NO DOUBT you will have heard about the financial rankings of the top clubs of Europe this week.
Spoiler alert; the rich and famous of Europe's football elite will probably survive the impact Covid-19 has had on their earnings.
Not reported as much, but probably far more important, was the publication of the sustainability league table of Premier League clubs which was also announced this week. An initiative of BBC Sport and the United Nations-backed Sport Positive Summit, it saw teams in England's top-flight asked to provide evidence of their efforts across eight categories to make them as clubs and businesses more environmentally sustainable.
There are points available in each of the eight categories and three bonus points, making for a possible total of 21 points on offer.
- Points were awarded for Clean energy (2 points).
- Energy efficiency (2 points ). Sustainable transport (2 points).
- Single-use plastic reduction or removal (2 points).
- Waste management (2 points). Water efficiency (2 points).
- Plant-based or low-carbon food options (3 points).
- Communications & Engagement (3 points).
One bonus point was awarded for each of the following:
- If clubs actively engage fans towards positive behavioural change that reduces environmental impact in their own lives.
- If the club are signatory to UN Sports for Climate Action Framework.#
- If club track and report on the percentage of fans taking various modes of transportation to games.
They were followed in joint-second by their near neighbour rivals, Arsenal, Brighton and Hove Albion, and Man United, all on 20 points.
The top four was made up by Man City and Southampton on 19 and 18 points respectively.
Liverpool are on their own in fifth on 17 points, followed by Chelsea and West Brom on 14. West Ham are in seventh on 13 points and Everton in eight on 12.5 points. Palace, Newcastle and Wolves are ninth on 12 points. In 10th it's Fulham on 11 points. Leeds, Leicester, and Sheffield United are in 11th on 10 points. Burnley are second last on eight points and Villa are rock bottom on seven.

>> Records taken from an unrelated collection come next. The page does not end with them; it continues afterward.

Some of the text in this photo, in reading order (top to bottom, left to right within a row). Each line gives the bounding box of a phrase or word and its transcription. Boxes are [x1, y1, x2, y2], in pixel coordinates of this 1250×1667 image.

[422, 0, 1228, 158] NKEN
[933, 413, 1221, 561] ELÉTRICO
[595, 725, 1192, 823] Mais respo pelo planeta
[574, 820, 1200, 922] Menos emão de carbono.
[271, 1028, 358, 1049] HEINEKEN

It's believed that Spurs claimed top-spot due in part to Monday's announcement that they had signed up to the United Nations' Sports for Climate Action Framework that unifies organisations and clubs to pursue climate action in a mutually supportive network. That bonus point sealed the deal for them to bag the top of the table ahead of rivals Arsenal and Man United. Even in tables of environmental conservation and renewal, it's important to get one over the neighbours.

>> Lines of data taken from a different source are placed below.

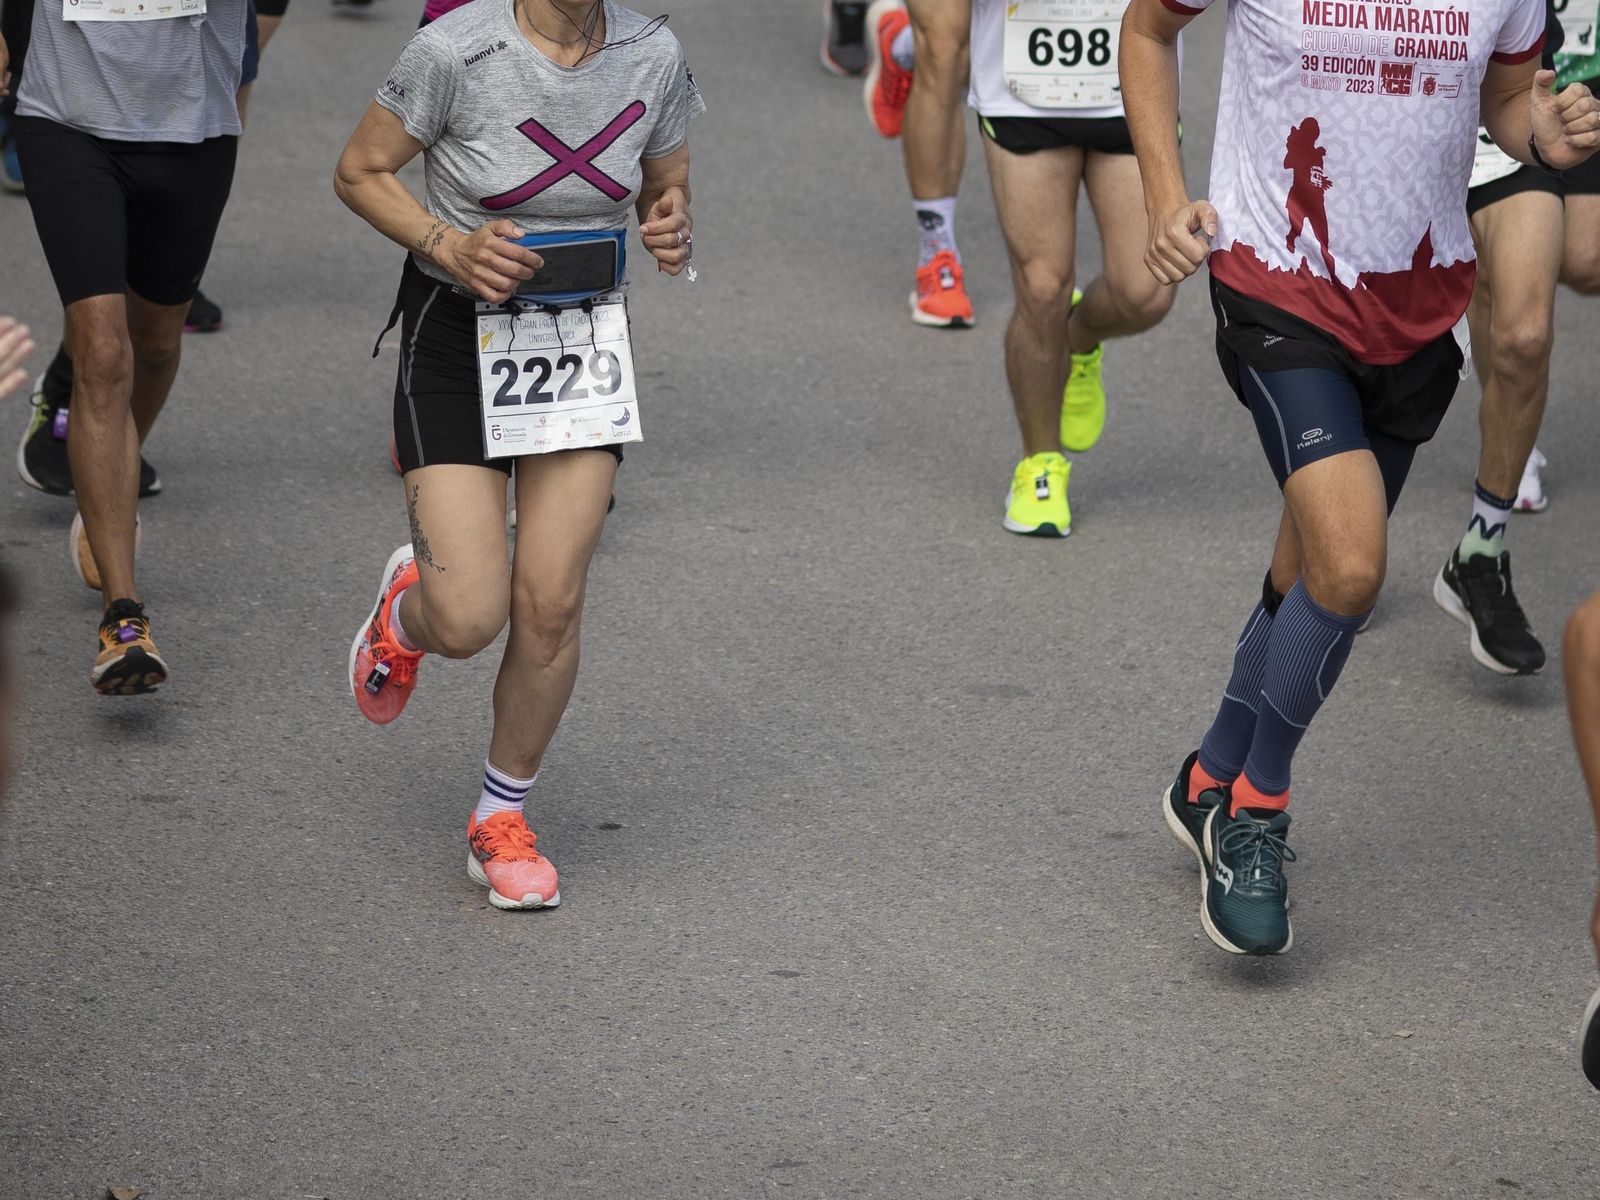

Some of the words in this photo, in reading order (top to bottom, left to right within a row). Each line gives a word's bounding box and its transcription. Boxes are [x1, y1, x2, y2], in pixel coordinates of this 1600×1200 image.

[1302, 0, 1368, 30] MEDIA
[1375, 6, 1470, 37] MARATÓN
[464, 44, 496, 67] luanvi
[1028, 27, 1111, 67] 698
[1301, 30, 1363, 55] CIUDAD
[1367, 34, 1390, 57] DE
[1394, 37, 1469, 62] GRANADA
[1301, 54, 1319, 71] 39
[1323, 55, 1376, 76] EDICIÓN
[1301, 73, 1309, 87] 6
[1310, 74, 1341, 91] MAYO
[1346, 78, 1375, 94] 2023
[519, 318, 537, 330] GRAN
[562, 317, 569, 326] DE
[558, 330, 576, 341] ORCA
[491, 349, 622, 408] 2229
[1297, 433, 1333, 450] Kalenji
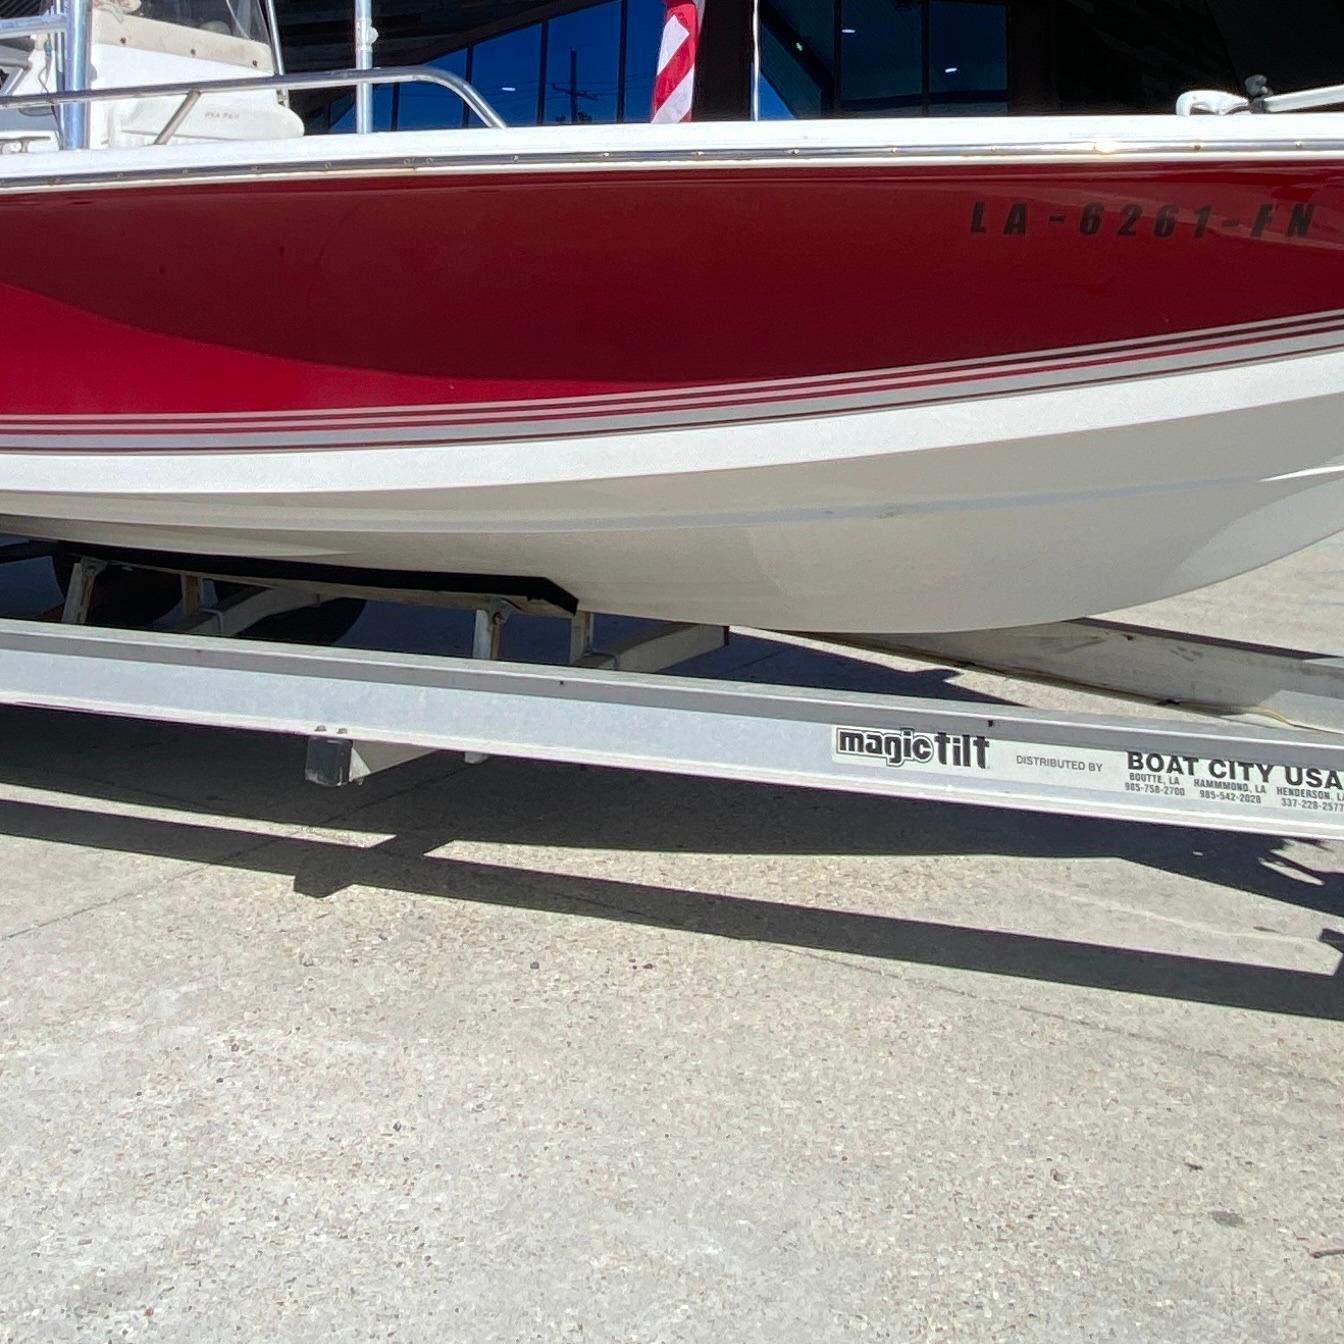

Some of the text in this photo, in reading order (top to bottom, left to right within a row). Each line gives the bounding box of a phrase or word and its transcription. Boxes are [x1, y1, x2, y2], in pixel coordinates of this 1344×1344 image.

[837, 728, 990, 769] magic tilt
[1016, 754, 1104, 773] DISTRIBUTED BY
[1127, 751, 1344, 790] BOAT CITY USA
[1169, 776, 1180, 785] LA
[1254, 784, 1267, 794] LA

Four clubs have signed up to the UN Sports for Climate Action Framework (Arsenal, Liverpool, Tottenham, and Southampton), and two clubs have launched far-reaching strategies around sustainability — Liverpool's The Red Way and Southampton's The Halo Effect. Both aim to connect the club with the people, the community, and the planet in a way that is educational, sustainable, and positive for the environment.
It's not surprising that five of the top six sides are clubs that reside in the five newest stadiums in the league. New technology, better facilities regarding lighting and field maintenance infrastructure, all have allowed for them make the most of a more sustainable future.

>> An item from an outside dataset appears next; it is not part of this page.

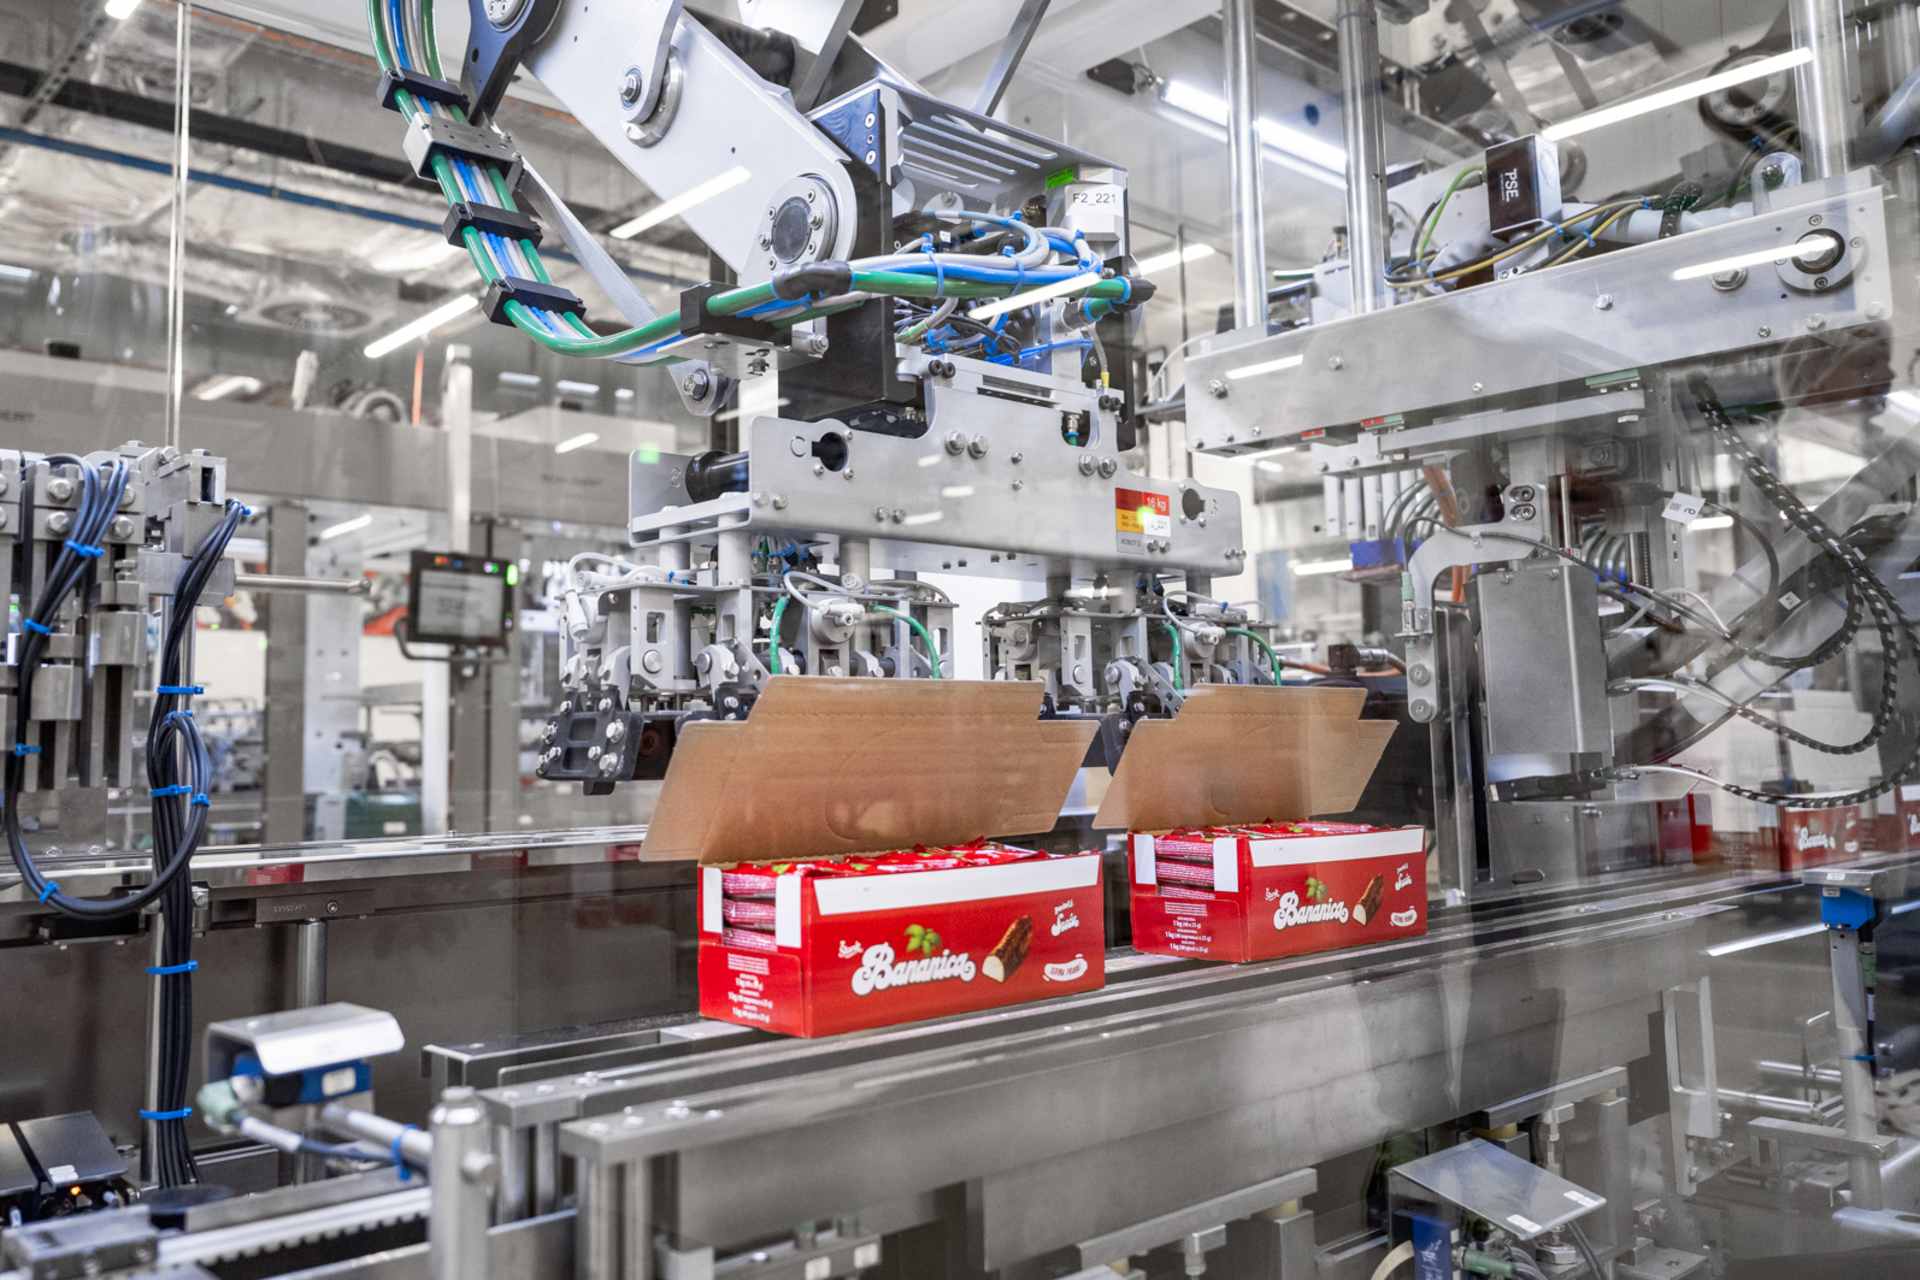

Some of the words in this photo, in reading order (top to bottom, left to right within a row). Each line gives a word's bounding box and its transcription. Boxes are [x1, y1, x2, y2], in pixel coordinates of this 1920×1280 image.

[1072, 192, 1116, 206] F2_221
[1504, 168, 1519, 202] PSE
[1273, 890, 1350, 930] Bananica
[851, 941, 977, 996] Bananica

Yet there is much more that the clubs can do to improve their green credential, from using their ample space to becoming net producers of renewable energy to encouraging and even organising fans to use sustainable transport when travelling to games.
Working with international and European partners to make competitions and transport to them a more sustainable prospect.
Stemming from that, the use of zero-emission transport for staff and team vehicles needs to be encouraged, not only for green reasons but also for the example they set to the public.
Next, recycle rainwater coming off the roofs and car parks. The use of green-friendly insecticides and fertilisers on the playing surfaces and training grounds. And at the grounds, the installation of battery storage, that uses solar and wind facilities to power their stadium floodlights reducing significant energy costs to the club.
The use of local produce, as much as possible in both the players' and fans' dining areas. And finally, going paperless as a business where possible through smart analysis and digital alternative.
All the clubs try to complete these tasks to some degree or another but what would truly be a groundbreaking disruption of old unsustainable practices would be to make sure that fans are included in the process. That they are educated and involved in adjusting the club to a better, healthier, and in the long run financially secure future.
Yes, sustainability, would also assure clubs of a genuinely sustainable future on that aforementioned financial list, as environmentally practices go from a process to save resources to becoming actively profitable for the enterprise of football.